Setting Up DocuPipe Upload with Workflow
The only difference in the DocuPipe module to the previous example is that we want to add one additional argument in the body of the module: the workflow ID. It should look as follows:
Here is the JSON for convenience:
{
"document": {
"file": {
"contents": "{{base64(6.data)}}"
},
"filename": "{{2.name}}",
"fileExtension": "pdf",
"fileType": "pdf"
},
"parseVersion": 3,
"dataset": "Google Drive Test",
"workflowId": "4c8eb679"
}
Setting up Webhook for Standardization
In the previous example, we set up a webhook to monitor for completed documents, so we can email the text of the document to ourselves. Now, we want to monitor for completed standardizations, where the dataset
parameter matches the one we set (Google Drive Test). So like before, we go back to the dashboard and click again on Create a new scenario in the upper right hand corner. Add a module, and search for "webhook". Select "custom webhook" from the menu, select it, click "Create a webhook", and then name it something informative like DocuPipe Standardization Complete.
As before, we copy the the URL as shown below, and then go to the DocuPipe webhook portal (go to DocuPipe Settings page, click GO TO WEBHOOKS PORTAL
).
Now from the webhook portal, press the "Add Endpoint" button in the top right hand corner, and paste the URL from Make into the Endpoint URL field. Click the checkbox for standardization.processed.success
, which is the thing we want to monitor. When complete, it should look something like the image below. Press create.
We can test that everything is working now by going back to Make, and clicking "Run Once" on our webhook scenario in the bottom left hand side. Now it's running and waiting for an action to trigger it. Now go back to the DocuPipe webhook portal, enter the "Testing" tab, and select the event we subscribed to, standardization.processed.success
. You can also see exactly what the webhook will return into Make once it receives the response. Hit "Send Example". Now if we go back to our Make scenario, we will see it caught the example we sent. It should look like the image below.
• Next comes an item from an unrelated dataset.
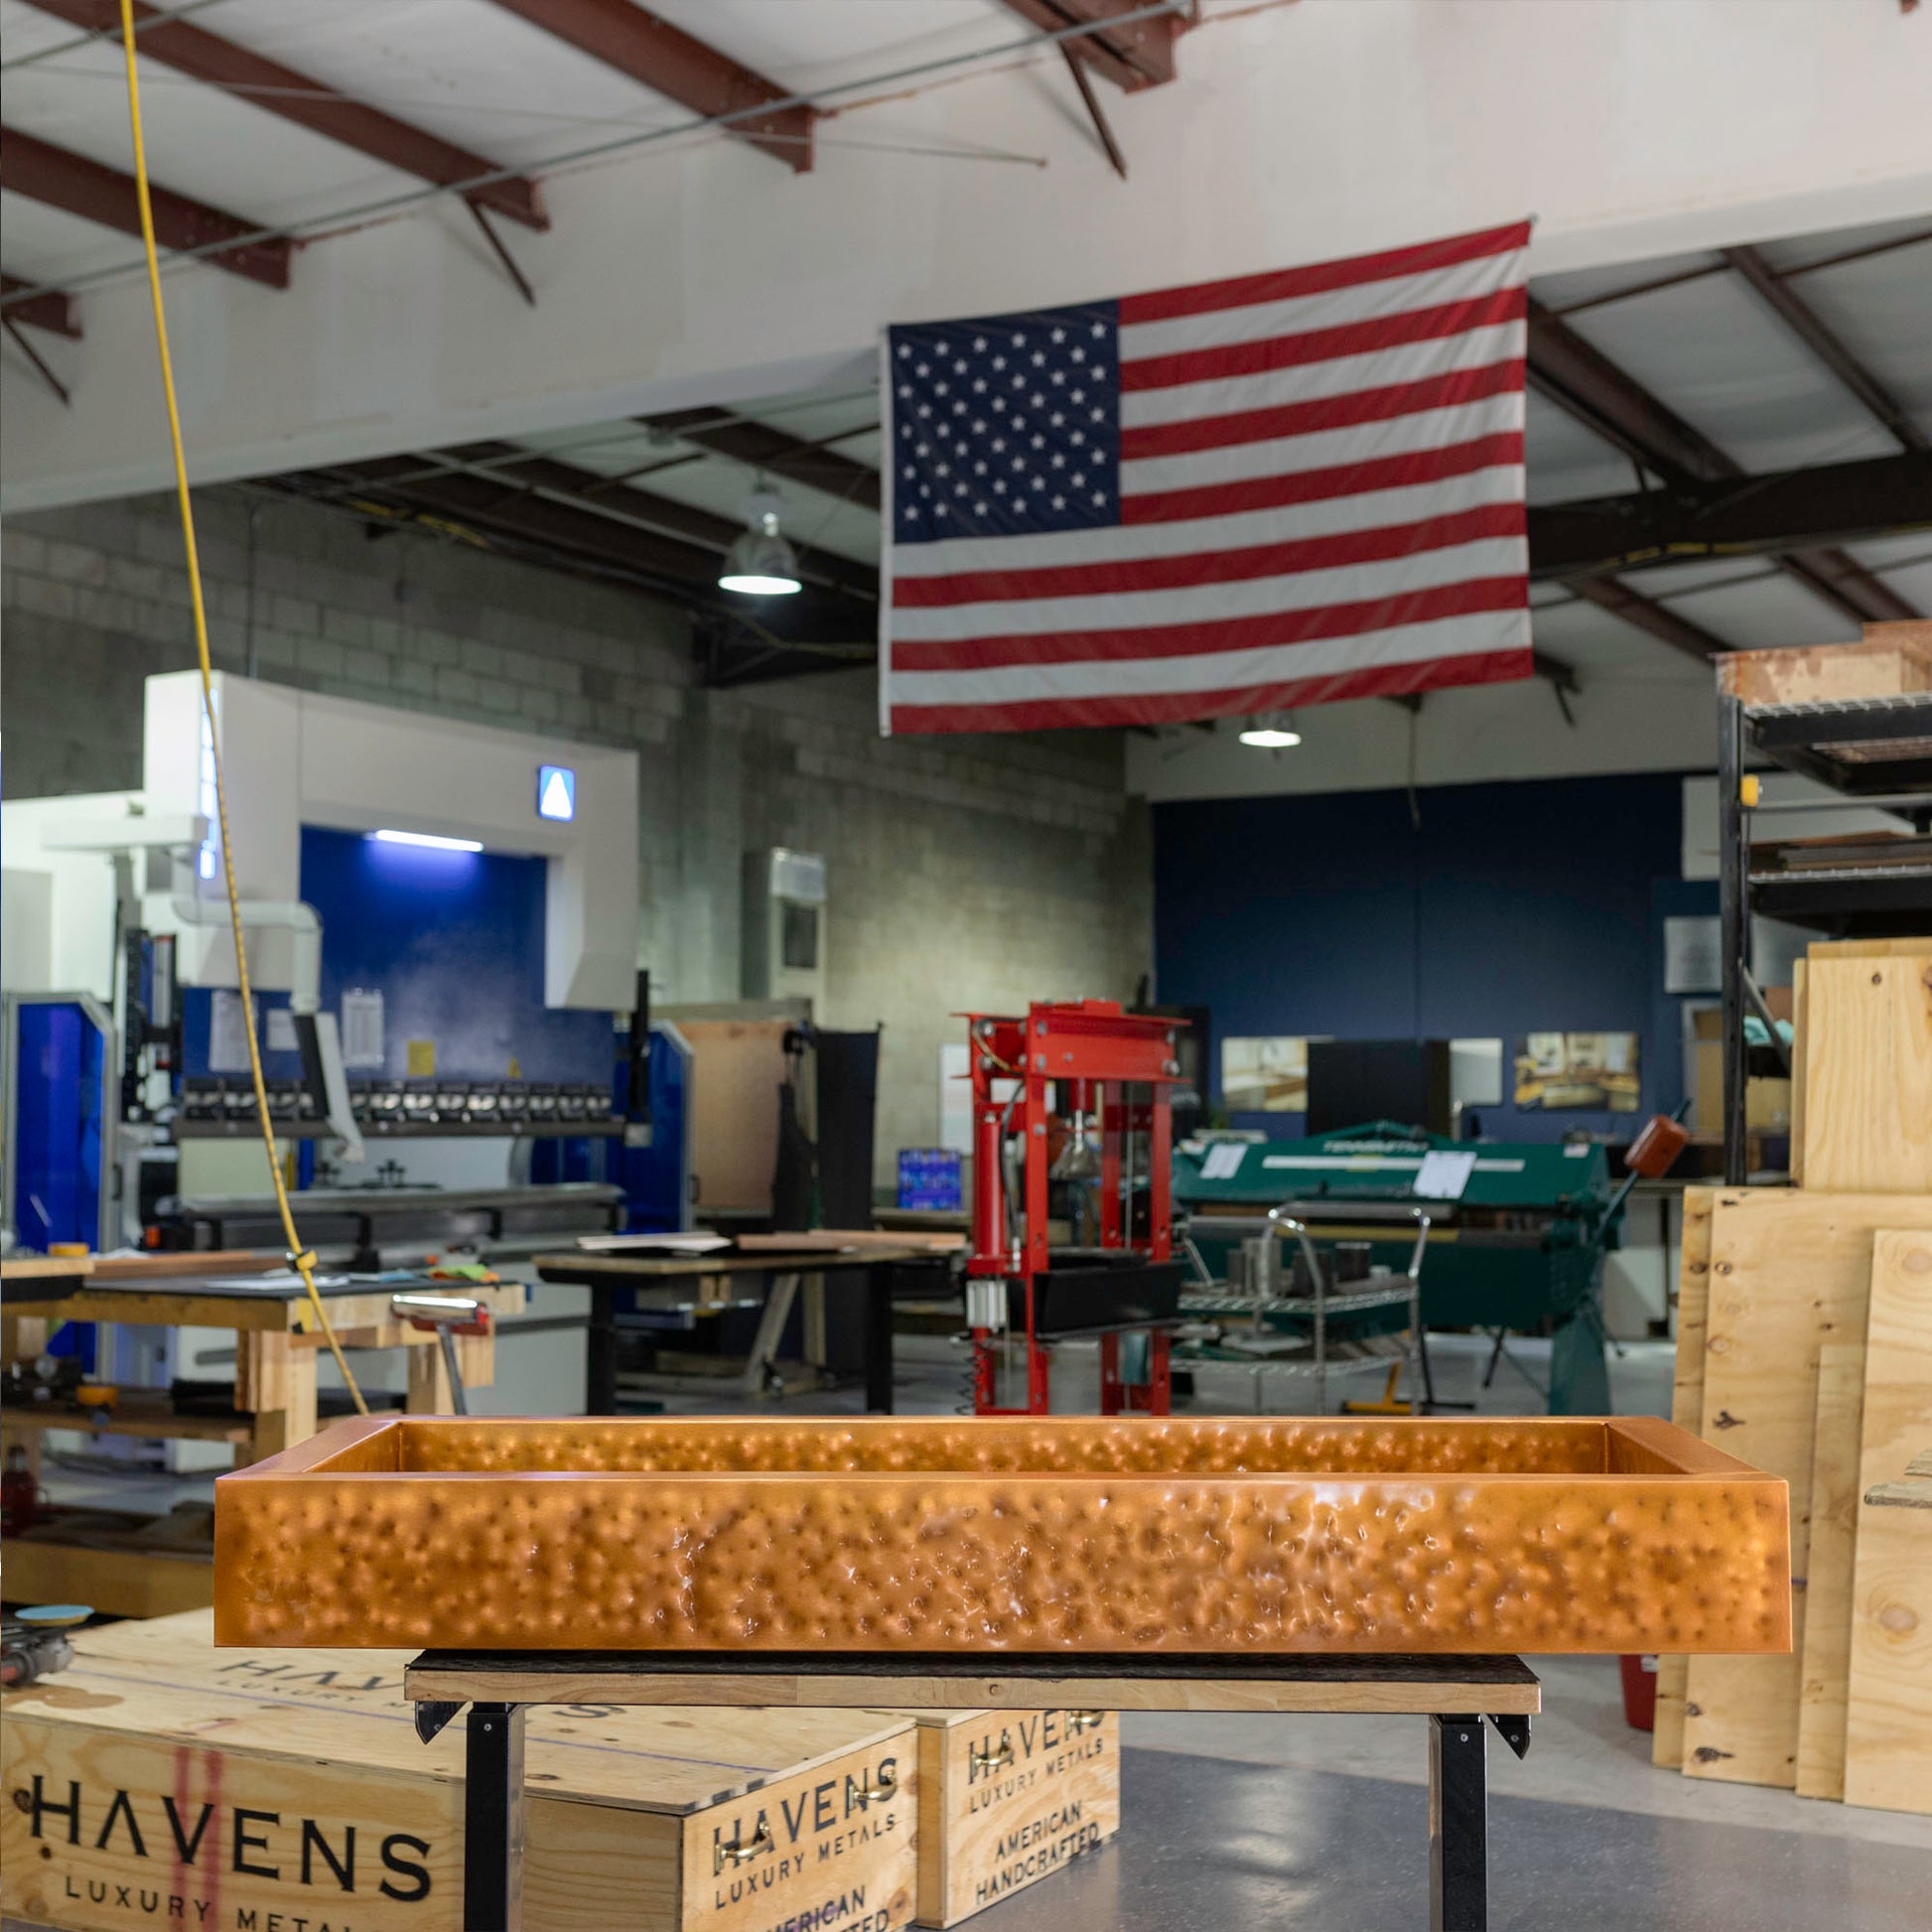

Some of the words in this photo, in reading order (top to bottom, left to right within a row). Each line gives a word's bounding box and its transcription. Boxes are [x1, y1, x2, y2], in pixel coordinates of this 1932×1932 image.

Now we know everything is connected properly.
Emailing the Results
Going back to our webhook scenario, we now need to do the final step of getting the output to email to ourselves. The webhook payload already has the structured JSON in it, so we just need to add a module for sending an email. Click the "plus" icon on the right of the webhook module and add a Email module, using the sub-module called Send an Email. Configure it as shown below, to take the JSON output and email it back to ourselves.
Now we can also add a filter between the webhook and email modules to only fire in situations where the dataset matches the one we set, "Google Drive Test". So click on the wrench on the dotted lines between the modules, and set it as follows:
Now we're ready to test it! As before, open both the scenarios in different tabs, clear the Google Drive folder, drag a new PDF file into it, and press "Run Once" in both scenarios. Now let's see the data pipe its way through...
And voilà once more! It works! I can see the email sent to myself with the JSON content extracted from the document.
I hope with these two examples, you can get an idea of the complex workflows you can execute using both DocuPipe, and Make's no-code drag and drop modules. You can connect your own data sources, whether they be Google Drive, SalesForce, an ERP, etc., process with DocuPipe, and send the resulting structured data to wherever it needs to go!